Statin prescriptions

Across all 56,530 patients with ASCVD, women (compared with men), community hospital patients (compared with an academic hospital), and patients with cerebrovascular disease, peripheral arterial disease, or polyvascular disease (compared with coronary artery disease) were less likely to receive any statin prescriptions (Supplementary Table 4). Women (compared with men) and those with cerebrovascular disease or peripheral arterial disease (compared with coronary artery disease) were less likely to receive high intensity statin prescriptions (Supplementary Table 5).

Manual annotation results

In the manually annotated dataset (Fig. 2), 742 (43%) were on statins per unstructured notes despite no prescription data. Among the 1000 (57%) statin nonusers, reasons for nonuse included perceived lipid control (17%, N = 174), muscle side-effects (14%, N = 139), and patient preference (15%, N = 153) (Fig. 2). Kappa coefficients for overlapping manual review of 50-patient and 100-patient subsets were 0.91 and 0.99, respectively, indicating strong reviewer agreement.

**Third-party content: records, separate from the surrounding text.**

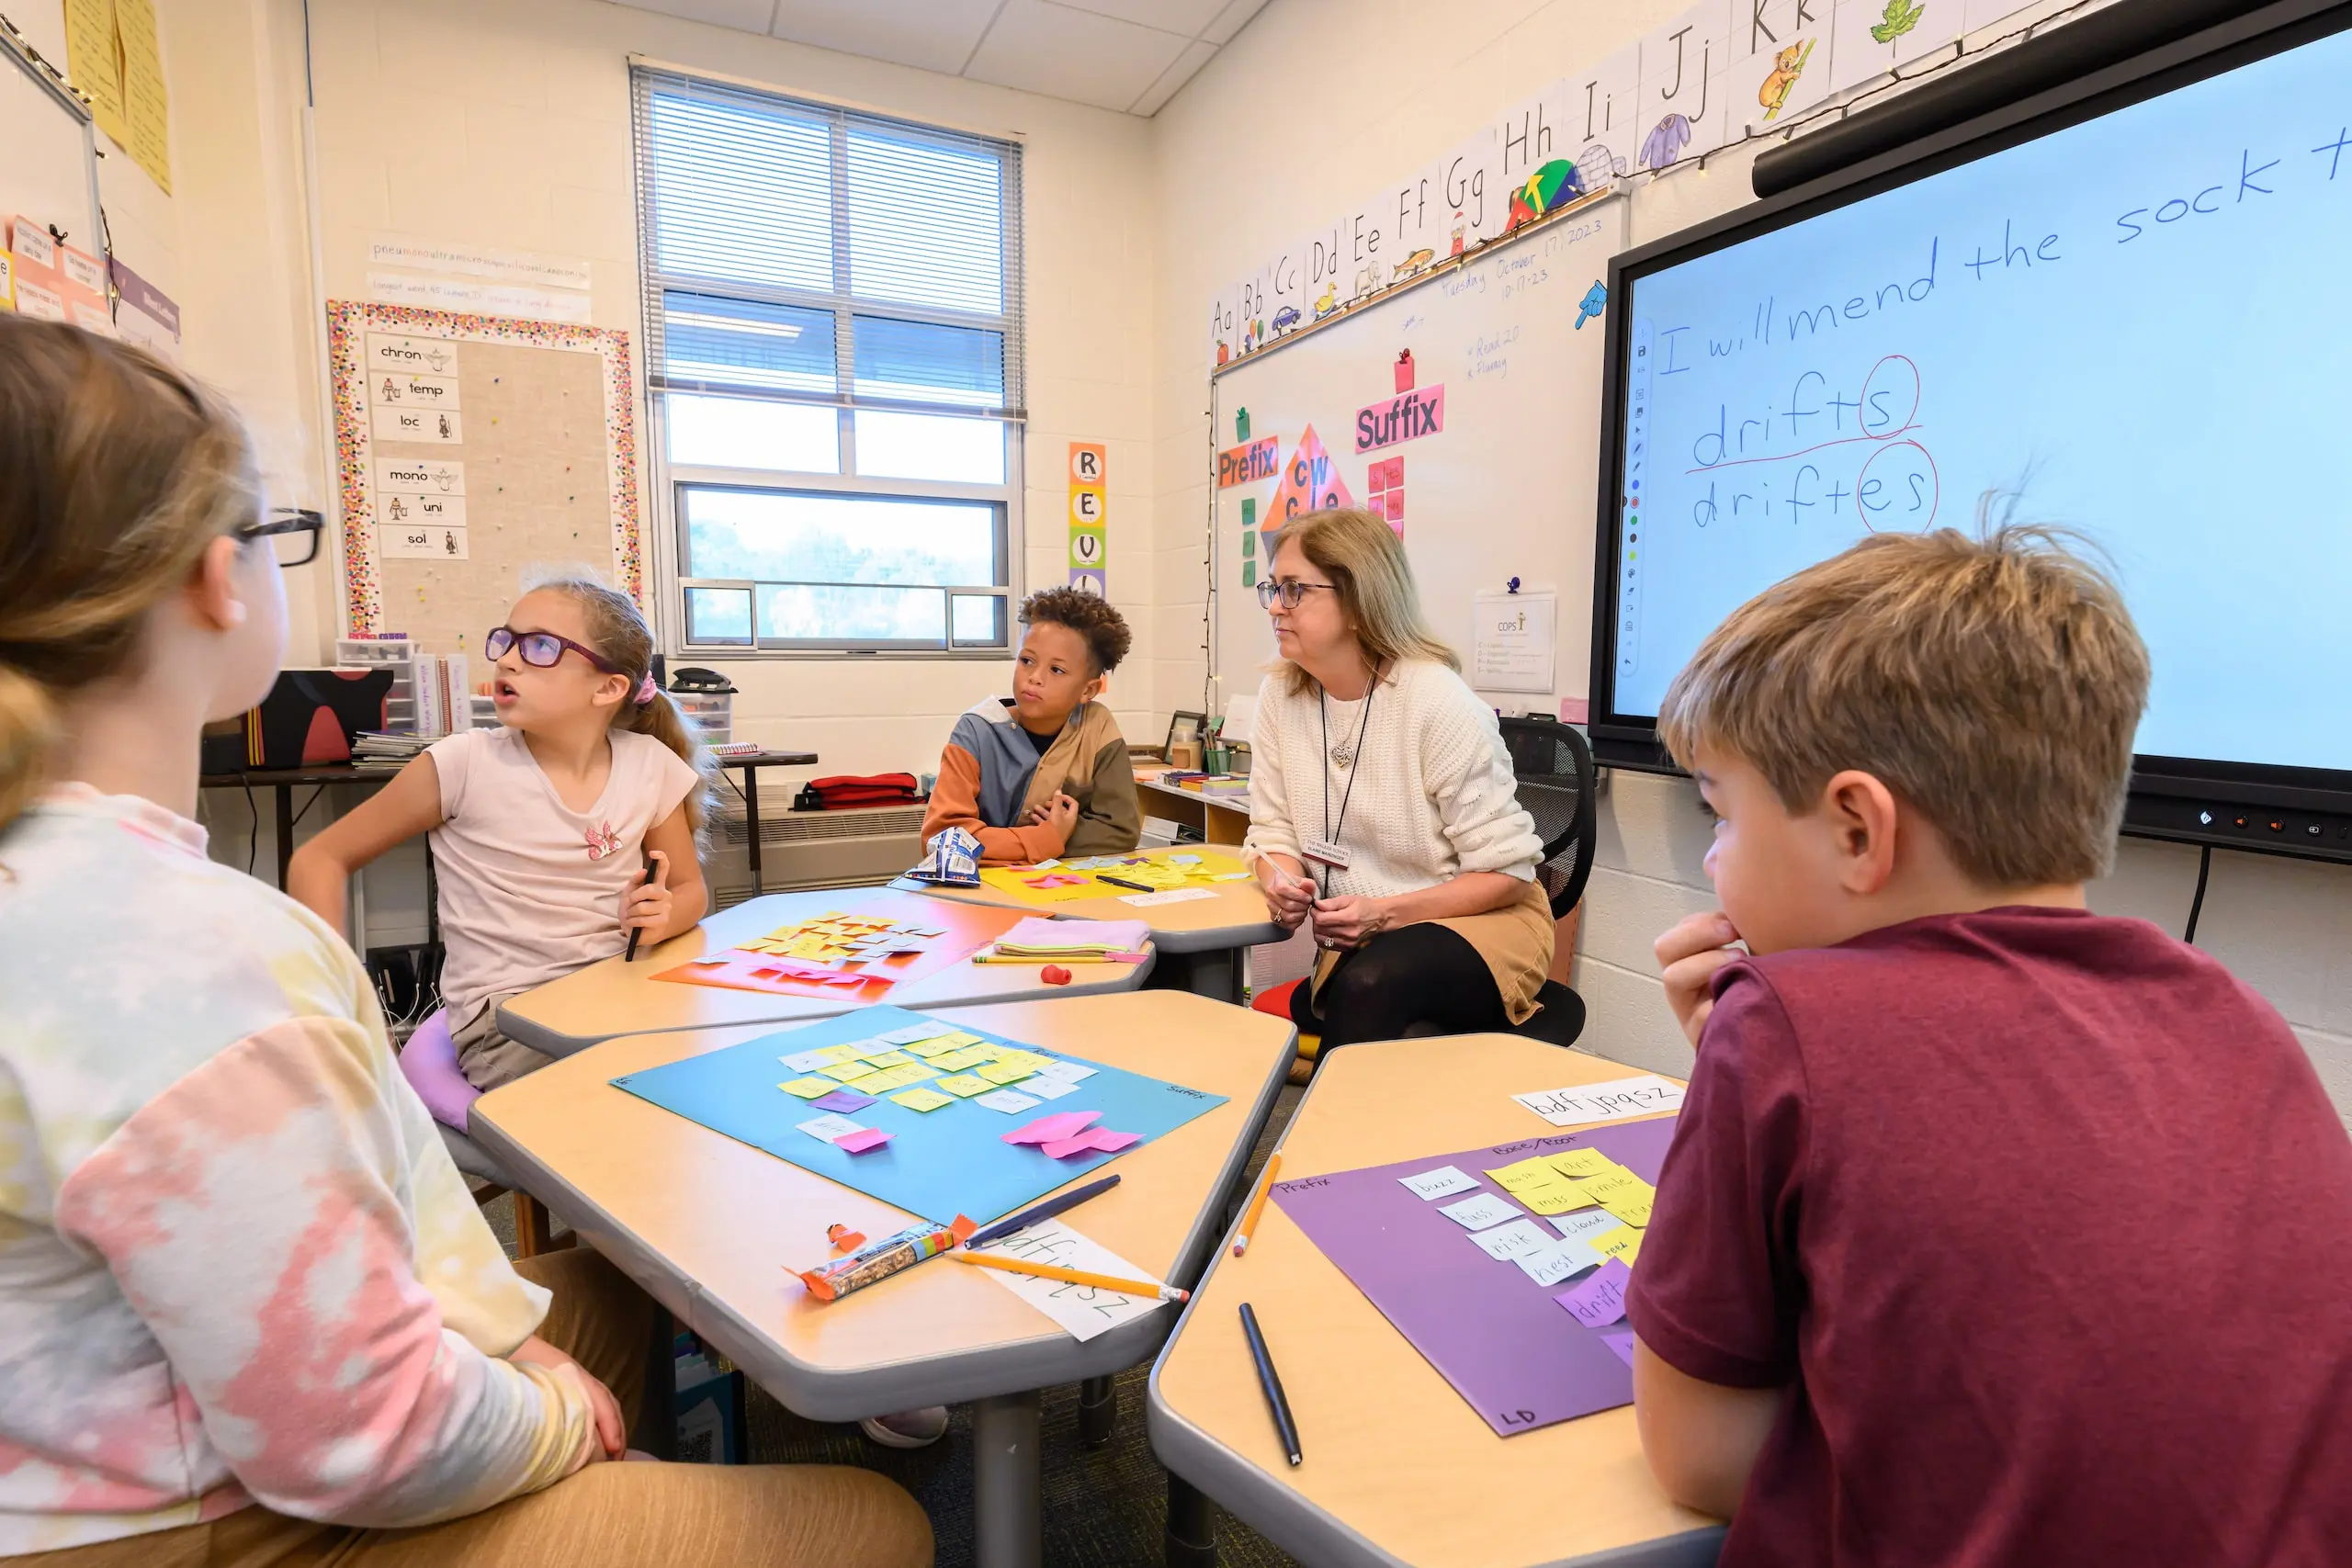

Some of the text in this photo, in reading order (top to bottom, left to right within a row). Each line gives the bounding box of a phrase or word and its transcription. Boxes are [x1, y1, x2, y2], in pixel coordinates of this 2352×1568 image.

[1244, 277, 1263, 321] Bb
[1313, 230, 1338, 284] Dd
[1354, 214, 1380, 262] Ee
[1398, 178, 1428, 240] Ff
[1446, 156, 1484, 228] Gg
[1504, 102, 1551, 175] Hh
[1661, 25, 1711, 124] Jj
[1496, 254, 1537, 278] October
[1567, 219, 1602, 245] 2023
[1659, 326, 1691, 375] I
[1709, 296, 1774, 357] will
[1789, 235, 1939, 342] mend
[1964, 219, 2062, 281] the
[2117, 149, 2281, 243] sock
[1442, 273, 1487, 299] Tuesday
[381, 345, 422, 360] chron
[409, 382, 444, 397] temp
[401, 414, 420, 426] loc
[1357, 394, 1439, 449] Suffix
[1693, 371, 1891, 467] drifts
[1219, 443, 1274, 487] Prefix
[390, 471, 428, 481] mono
[424, 502, 443, 513] uni
[408, 533, 426, 544] sol
[1498, 621, 1517, 632] COPS
[1275, 1178, 1331, 1194] Prefix
[1415, 1177, 1456, 1193] buzz
[1491, 1230, 1532, 1256] risk
[1574, 1280, 1623, 1319] drift
[1500, 1408, 1536, 1426] LD

Fig. 2: Training, internal validation, and application of a deep learning model (Clinical BERT) for natural language processing to identify statin nonuse and classify reasons for statin nonuse from unstructured clinical notes of patients with ASCVD.

NLP model evaluation

In the held-out test set of the manually annotated dataset, the binary NLP model classified statin nonuse with an overall AUC of 0.94 (95% CI 0.93–0.96) (Table 2). Among statin nonusers, the two-step model classified reasons for statin nonuse with an overall weighted-average AUC of 0.88 (95% CI 0.86–0.91). The simple multilabel classification model classified reasons for statin nonuse with an overall AUC of 0.86 (95% CI 0.82–0.89).

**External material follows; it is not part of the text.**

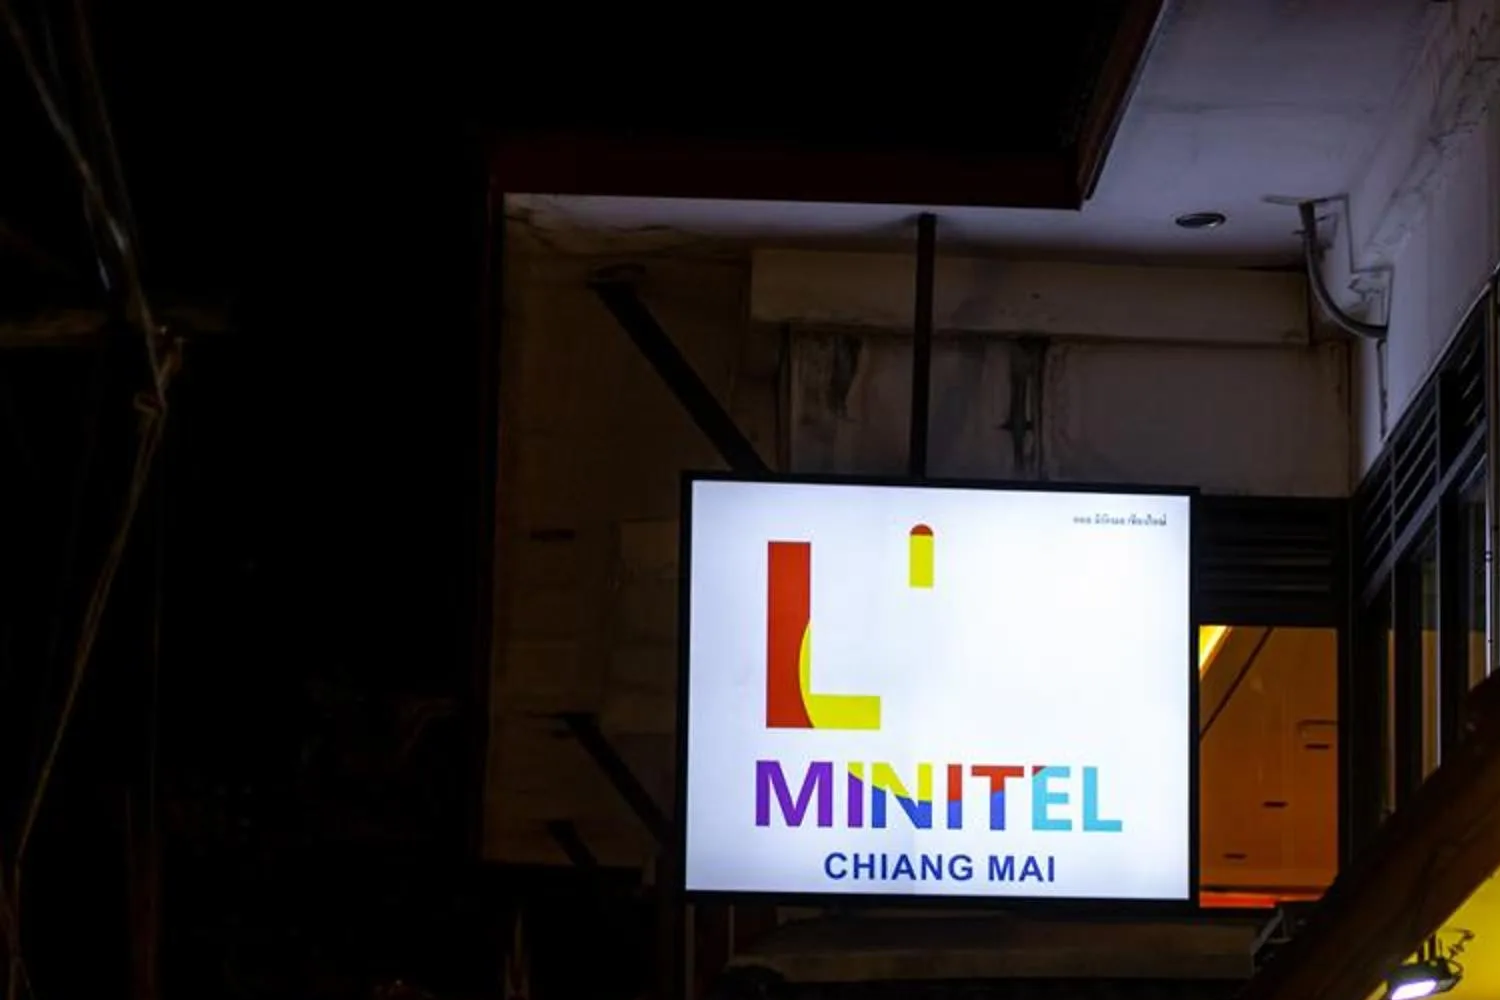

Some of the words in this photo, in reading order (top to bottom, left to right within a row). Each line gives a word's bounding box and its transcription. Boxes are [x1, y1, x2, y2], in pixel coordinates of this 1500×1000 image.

Table 2 Performance of deep learning NLP models to characterize statin nonuse from unstructured clinical notes in persons with ASCVD.

Full size table

NLP model application in the full cohort and by pre-specified subgroups

After NLP model development and evaluation, the binary statin nonuse model and the hurdle multiclass model for reasons for statin nonuse were applied to the full dataset of 3929 patients (Fig. 2). The models found that 1534 (39%) of these patients were statin users based on their clinical notes despite no documented statin prescriptions. Among the remaining 2395 statin nonusers, reasons for statin nonuse included muscle-based side-effects (16%), perceived lipid control (11%), and patient preference (13%; Fig. 2).

Reasons for statin nonuse were further stratified by type of ASCVD and by race/ethnicity (Table 3). Non-Hispanic black, Non-Hispanic Asian, and Hispanic patients had higher representation in the perceived lipid control group (a guideline-discordant practice) when compared with the other groups (p < 0.001). Patients with cerebrovascular disease had a higher representation in the perceived lipid control group when compared with other groups (p < 0.001). Excerpts denoting each reason for statin nonuse are outlined in Table 4.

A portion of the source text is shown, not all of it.